Vulcan, Inc. is an employee-owned company located on the Alabama Gulf Coast in Foley. The firm operates one of the only completely vertically-integrated aluminum processing plants in the country, in which raw aluminum bars are heated into a molten form, and then rolled into coils. Vulcan cuts the product to the specified length, and manufactures a variety of finished goods. Notably, the Foley plant produces fully 60% of the street signs installed annually in the United States.

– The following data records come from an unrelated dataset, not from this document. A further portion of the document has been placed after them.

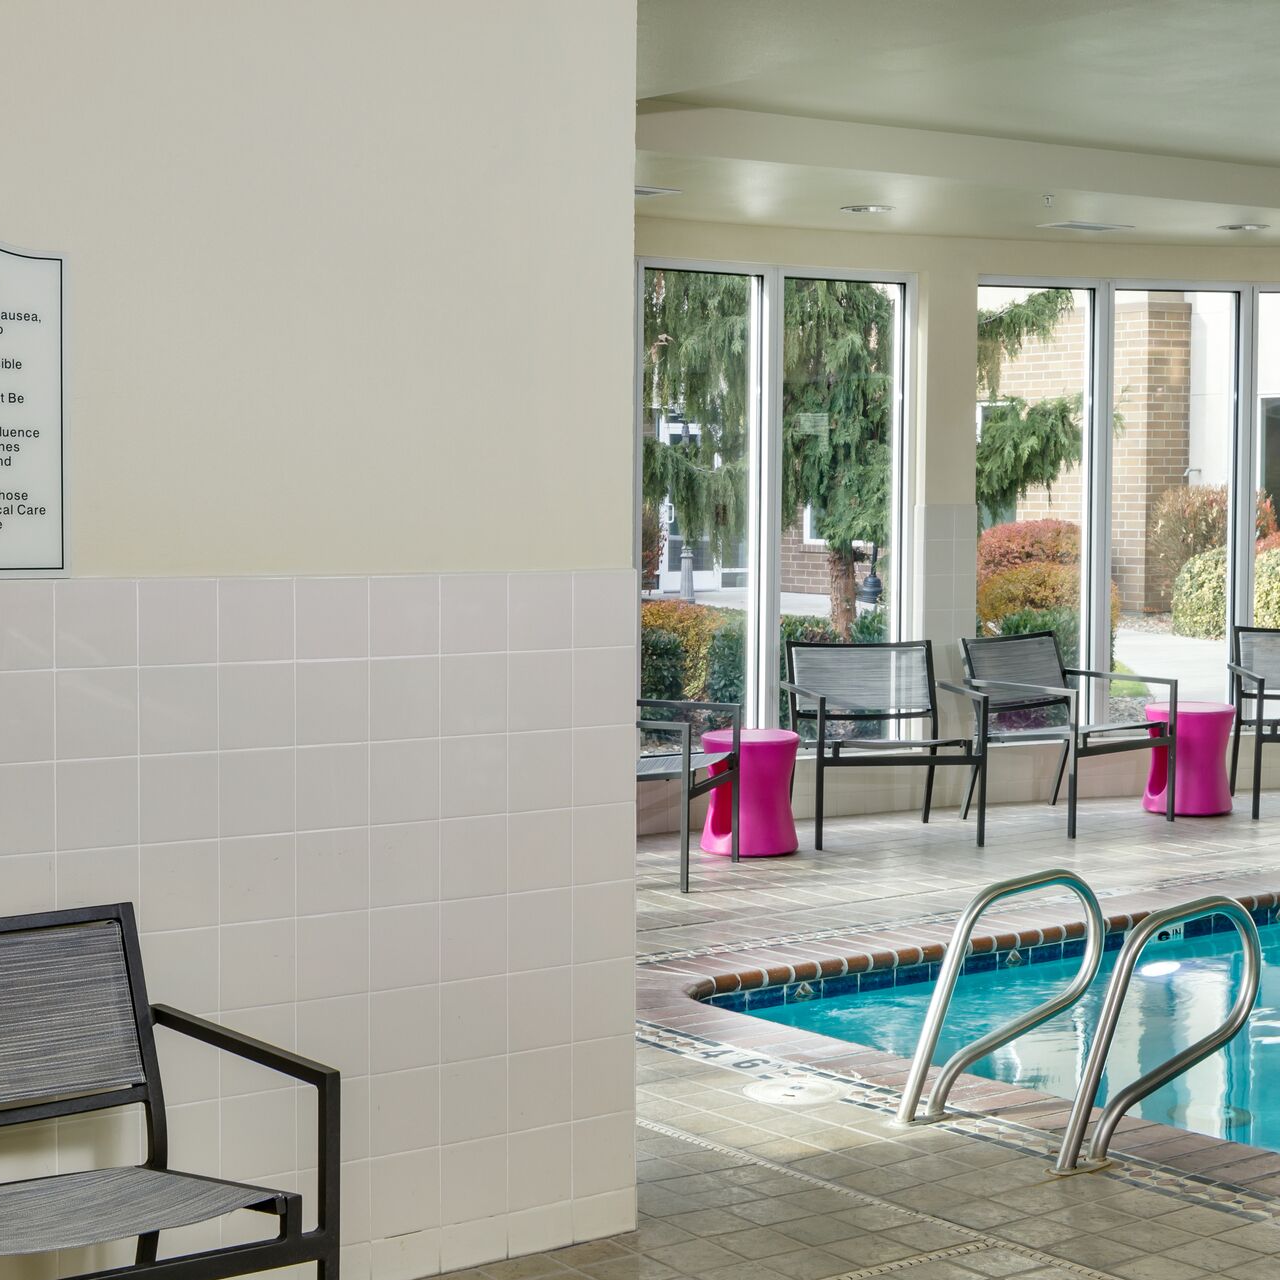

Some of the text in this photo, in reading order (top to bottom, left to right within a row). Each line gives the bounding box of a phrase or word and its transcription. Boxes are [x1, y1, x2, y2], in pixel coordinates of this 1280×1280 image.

[8, 392, 24, 404] Be
[17, 504, 46, 515] Care
[700, 1049, 735, 1059] 4
[732, 1058, 771, 1069] 6
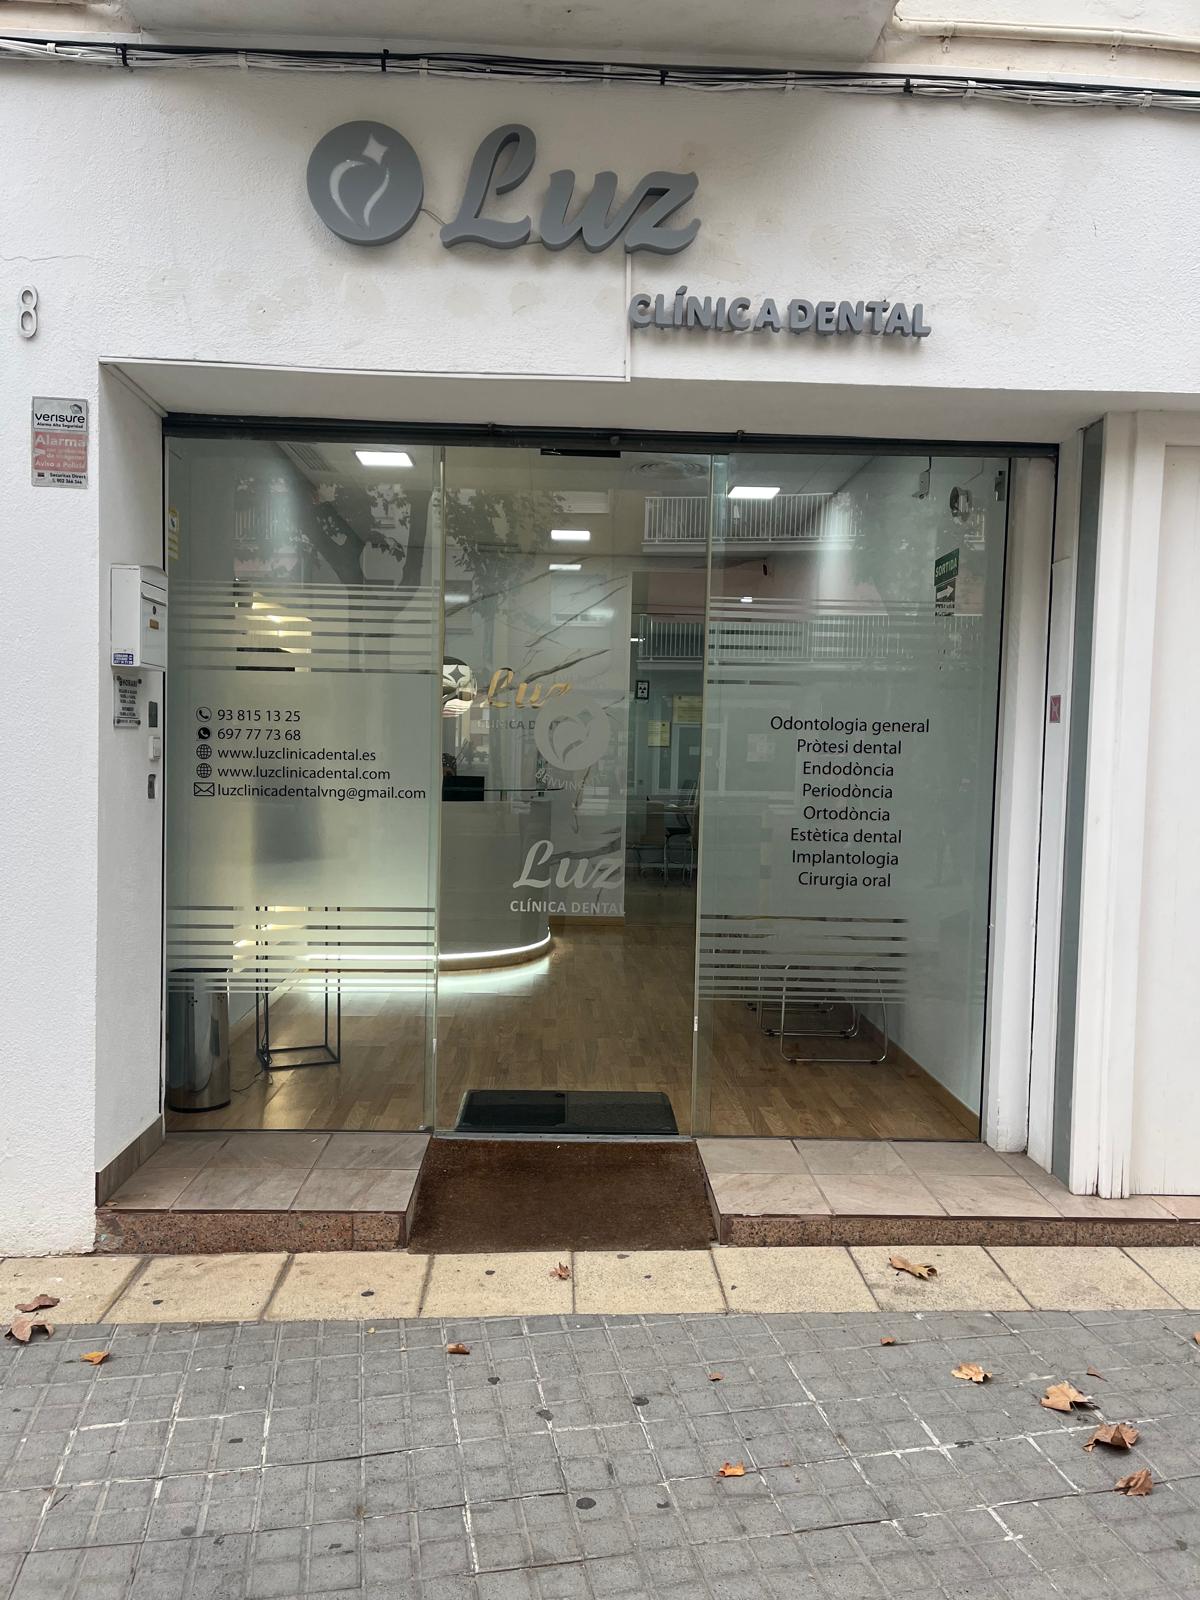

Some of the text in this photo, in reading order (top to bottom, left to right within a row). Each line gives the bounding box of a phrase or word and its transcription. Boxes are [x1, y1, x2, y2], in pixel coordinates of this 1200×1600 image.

[441, 123, 701, 256] Luz
[18, 284, 38, 339] 8
[629, 285, 932, 338] CLÍNICA DENTAL
[34, 413, 86, 424] verisure
[34, 434, 86, 447] Alarma
[935, 557, 958, 577] SORTIDA
[217, 709, 301, 722] 93 815 13 25
[770, 715, 930, 735] Odontologia general
[217, 728, 301, 741] 697 77 73 68
[217, 746, 377, 762] www.luzclinicadental.es
[797, 739, 902, 755] Pròtesi dental
[217, 765, 391, 780] www.luzclinicadental.com
[803, 761, 894, 777] Endodòncia
[217, 784, 426, 802] luzclinicadentalvng@gmail.com
[802, 783, 893, 799] Periodòncia
[803, 806, 890, 821] Ortodòncia
[791, 828, 902, 844] Estètica dental
[512, 839, 624, 889] Luz
[792, 850, 899, 868] Implantologia
[798, 872, 891, 890] Cirurgia oral
[510, 897, 625, 914] CLÍNICA DENTAL

Vulcan was founded in 1966 as a traffic sign and metal stampings company in Birmingham, Alabama. The company grew steadily in the ensuing decades, ultimately relocating its entire production operation and corporate headquarters to Foley. In 1986, the company constructed a state-of-the-art aluminum rolling mill, enabling it to produce aluminum coil and sheet for the signage industry, among other customers. A facility expansion was completed in 1997, doubling the size of the sign manufacturing plant. The late 1990s also witnessed the dedication of a new Technology Center to house employee training facilities, as well as Vulcan Traffic Management Services, the firm’s in-house software development division. Another expansion resulted in the addition of slitting, annealing and processing capabilities to the aluminum rolling mill. Most recently, Vulcan completed a multi-million dollar upgrade and modernization of the rolling mill, to incorporate new technology permitting the electromagnetic pumping of molten aluminum.
The region surrounding the location of the Foley, Alabama plant struggles with a 20.9% poverty rate, with correspondingly high rates of unemployment and underemployment. However, the state’s leadership has in recent decades succeeded in attracting more and more high profile industrial investment, bringing for the first time living wage manufacturing jobs to corners of Alabama that have long struggled with severe disinvestment and little opportunity.

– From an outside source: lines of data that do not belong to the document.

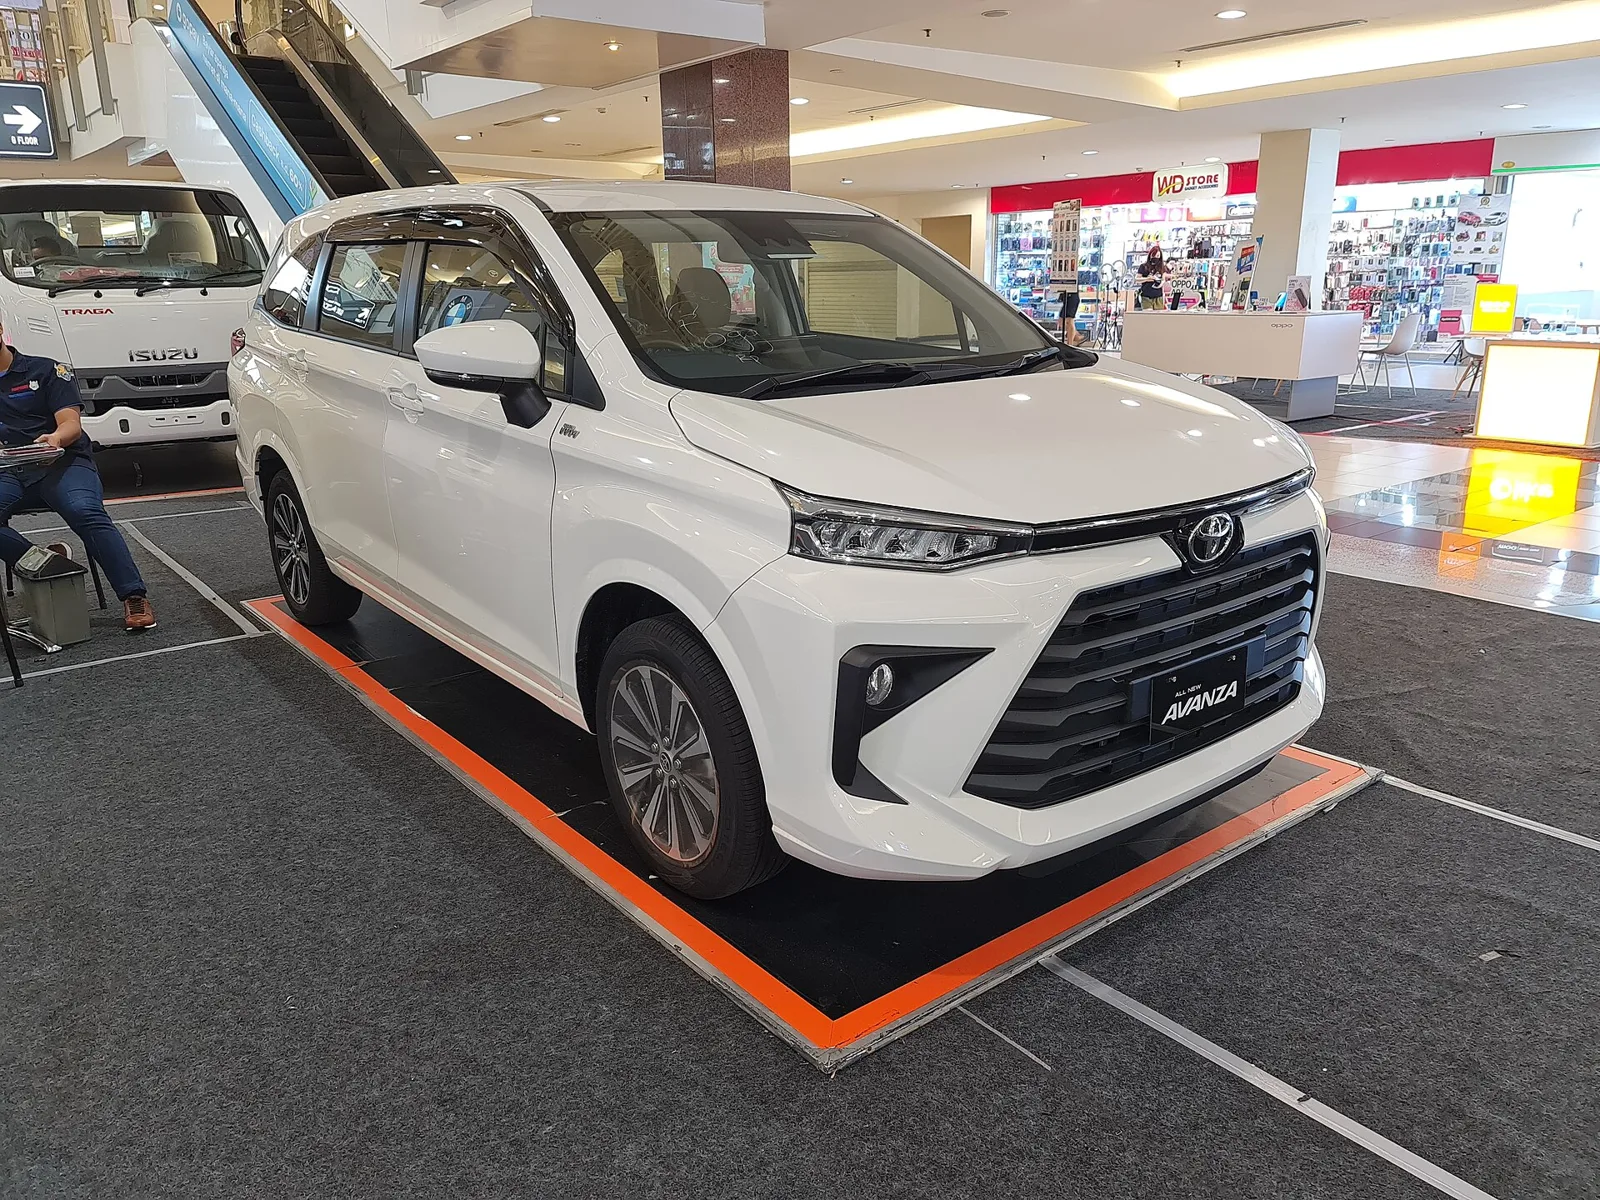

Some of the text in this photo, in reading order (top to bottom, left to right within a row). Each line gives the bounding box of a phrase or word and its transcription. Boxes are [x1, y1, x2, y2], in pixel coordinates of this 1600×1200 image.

[17, 136, 39, 146] FLOOR
[251, 114, 280, 158] Cashback
[1157, 174, 1219, 197] WD STORE
[1171, 280, 1192, 289] OPPO
[61, 308, 114, 316] TRAGA
[128, 347, 198, 362] ISUZU
[1175, 684, 1202, 698] ALL NEW
[1161, 680, 1238, 725] AVANZA

The state has lavished incentives upon multinational companies like Mercedes Benz, Hyundai, Airbus, and ThyssenKrupp, betting that their attention-grabbing investments will attract smaller, yet far more numerous investments in industries located upstream and downstream from the goods produced by these companies. It is understood that these big-name investments, while attention-grabbing, cannot on their own break the cycle of poverty and remedy the longstanding deficit of opportunity experienced by so many Alabamans.
Vulcan Inc., located within a rural, low income census tract, successfully weathered the Great Recession and is now in growth mode, undertaking a $17 million expansion to its manufacturing plant. In September, 2013, Crescent Growth Capital worked with Vulcan, Capital One Bank, Hampton Roads Ventures and MuniStrategies to structure and close a “stacked” $22.5 million Federal/$10 million Alabama State QEI to fund the continued expansion of its Plant 6, effectively doubling the company’s hot-rolled aluminum manufacturing.

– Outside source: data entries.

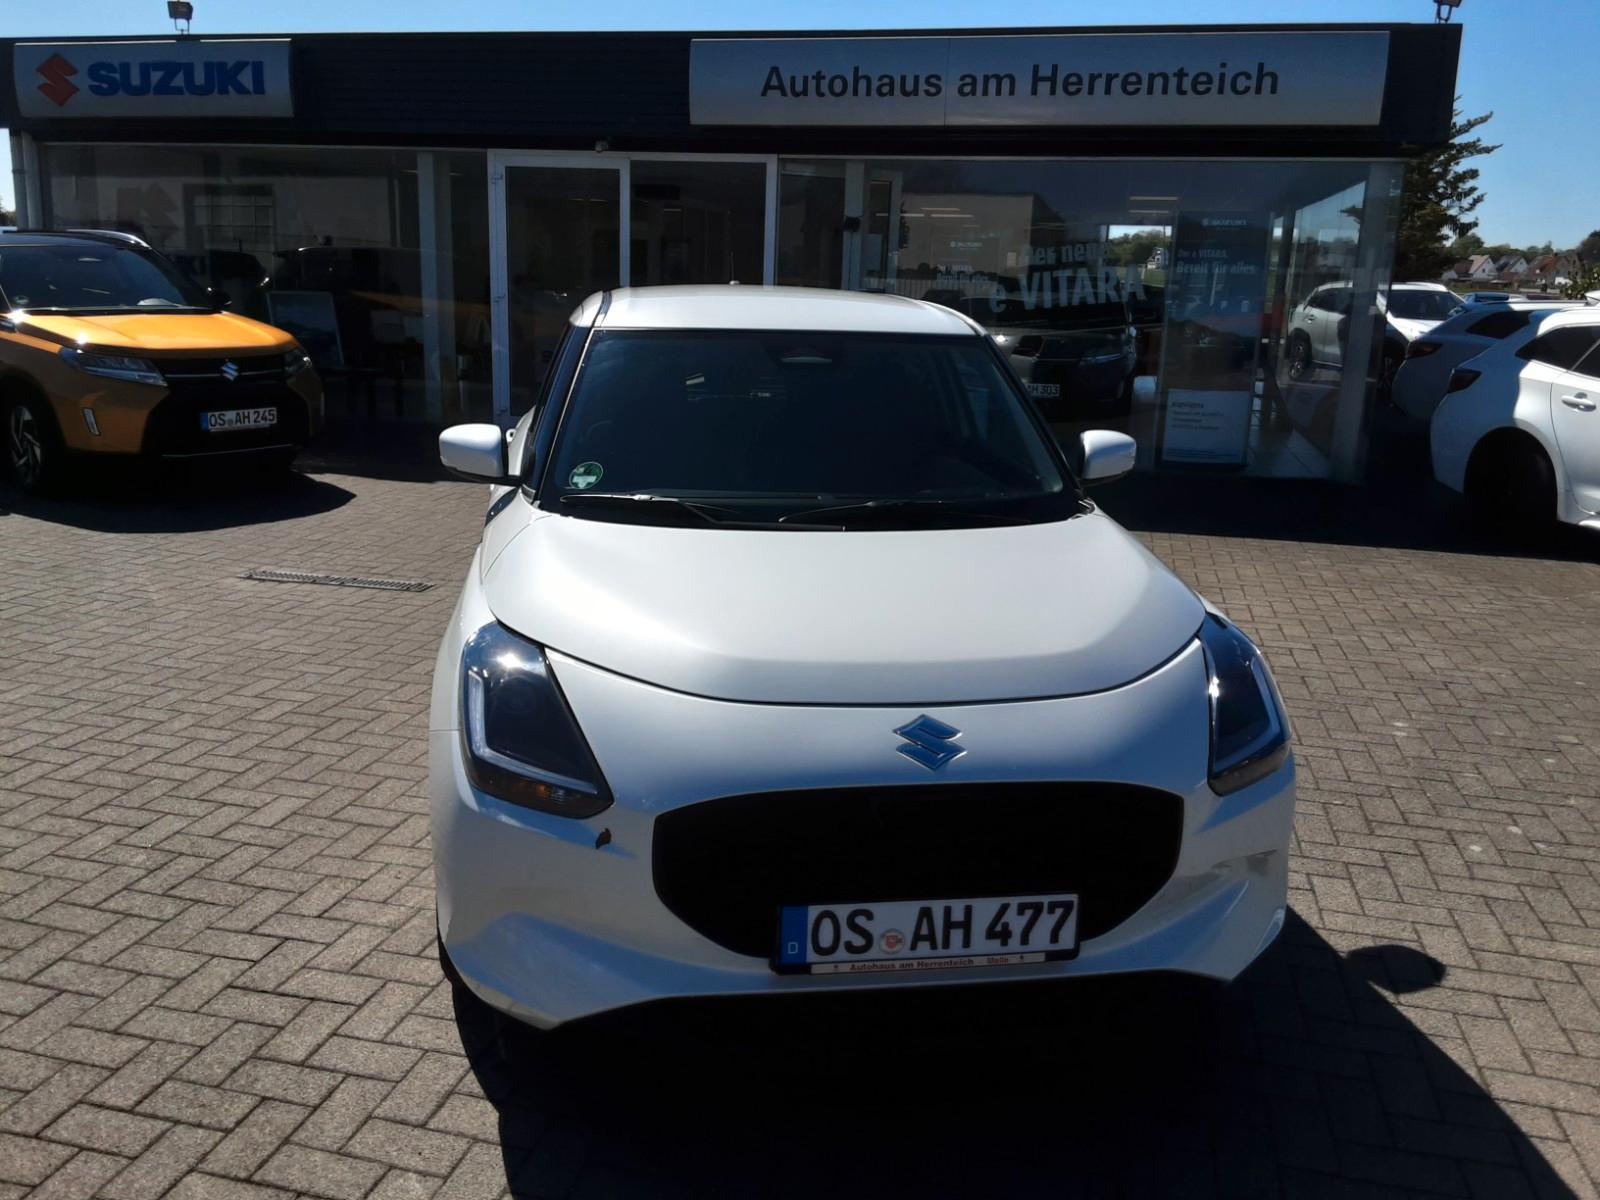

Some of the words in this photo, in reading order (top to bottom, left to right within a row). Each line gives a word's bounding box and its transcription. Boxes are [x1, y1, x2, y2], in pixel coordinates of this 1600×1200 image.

[87, 61, 266, 96] SUZUKI
[760, 65, 943, 98] Autohaus
[957, 71, 1017, 97] am
[1030, 62, 1279, 97] Herrenteich
[1018, 260, 1148, 311] VITARA
[209, 413, 226, 427] OS
[235, 411, 251, 425] AH
[253, 409, 276, 424] 245
[811, 909, 874, 956] OS
[909, 904, 973, 951] AH
[985, 900, 1075, 947] 477
[787, 942, 798, 954] D
[848, 962, 897, 972] Autohaus
[898, 962, 915, 970] am
[917, 958, 974, 969] Herrenteich

The Vulcan plant expansion epitomizes the ancillary investment that Alabama seeks. Thanks to the $5.66 million in net Federal and State subsidies, Vulcan is able to expand and refine its operations to maintain its position as the Nation’s largest producer of aluminum street signs, while adding quality jobs in a high poverty, high unemployment region. At least 200 construction workers will be employed in the course of this expansion. When completed, the expanded Plant 6 will employ an additional 60 full-time employees, the majority of whom will be new production line workers with an average wage of $15.00 per hour. Vulcan will also be adding employees to its sales and supervisory staff.